_Input material_.
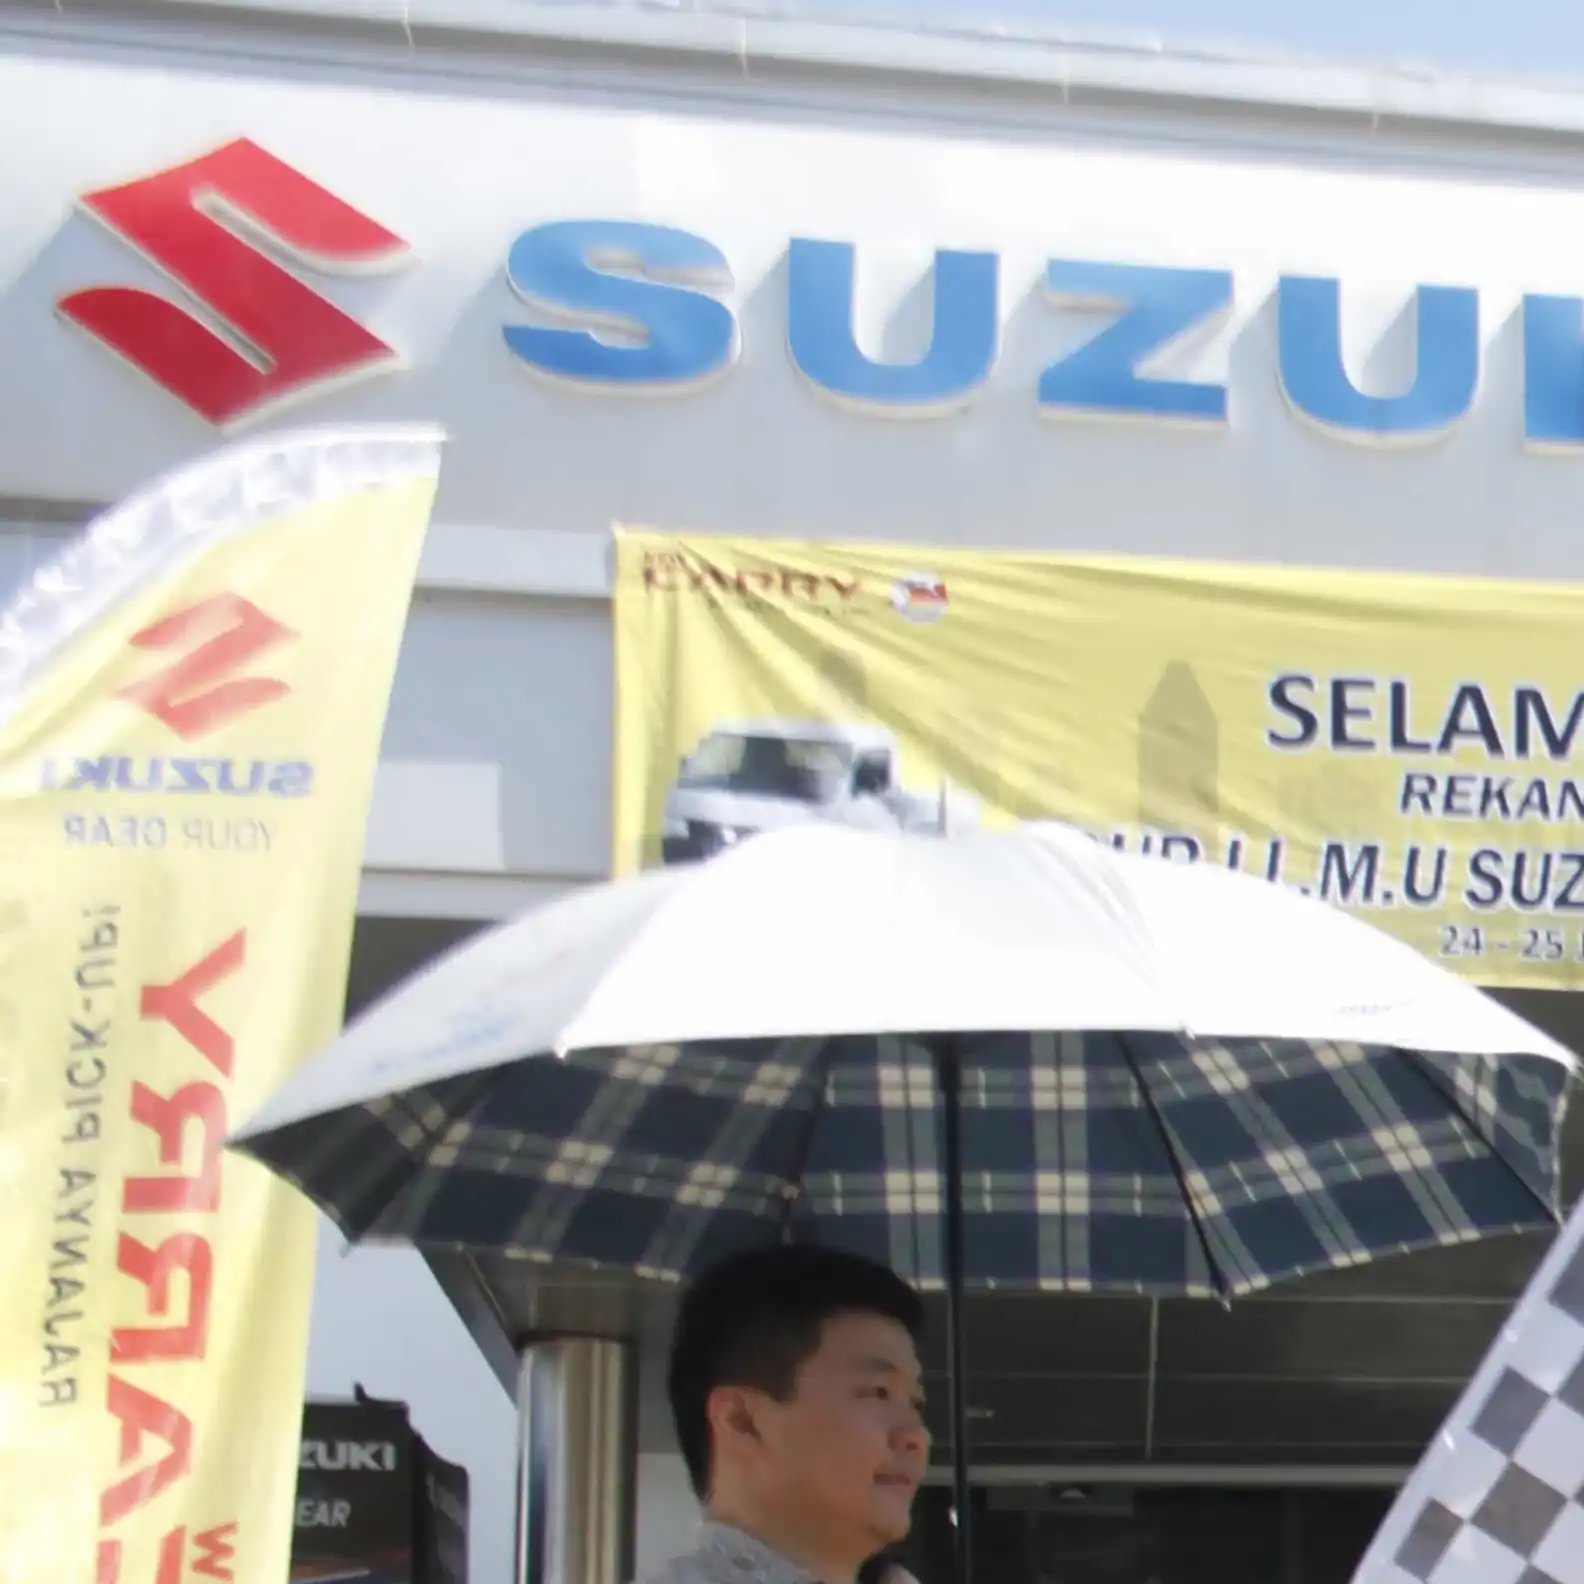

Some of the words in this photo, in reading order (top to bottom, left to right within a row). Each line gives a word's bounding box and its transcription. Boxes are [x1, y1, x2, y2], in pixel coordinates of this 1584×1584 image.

[1441, 927, 1483, 956] 24
[1523, 929, 1564, 959] 25
[298, 1439, 397, 1471] ZUKI
[295, 1498, 353, 1529] EAR

_Exercise objective_. Each line of the data above needs to be retyped as it is, without any picture.

_Response_.
Some of the words in this photo, in reading order (top to bottom, left to right within a row). Each line gives a word's bounding box and its transcription. Boxes are [x1, y1, x2, y2], in pixel coordinates of this 1584×1584 image.

[1441, 927, 1483, 956] 24
[1523, 929, 1564, 959] 25
[298, 1439, 397, 1471] ZUKI
[295, 1498, 353, 1529] EAR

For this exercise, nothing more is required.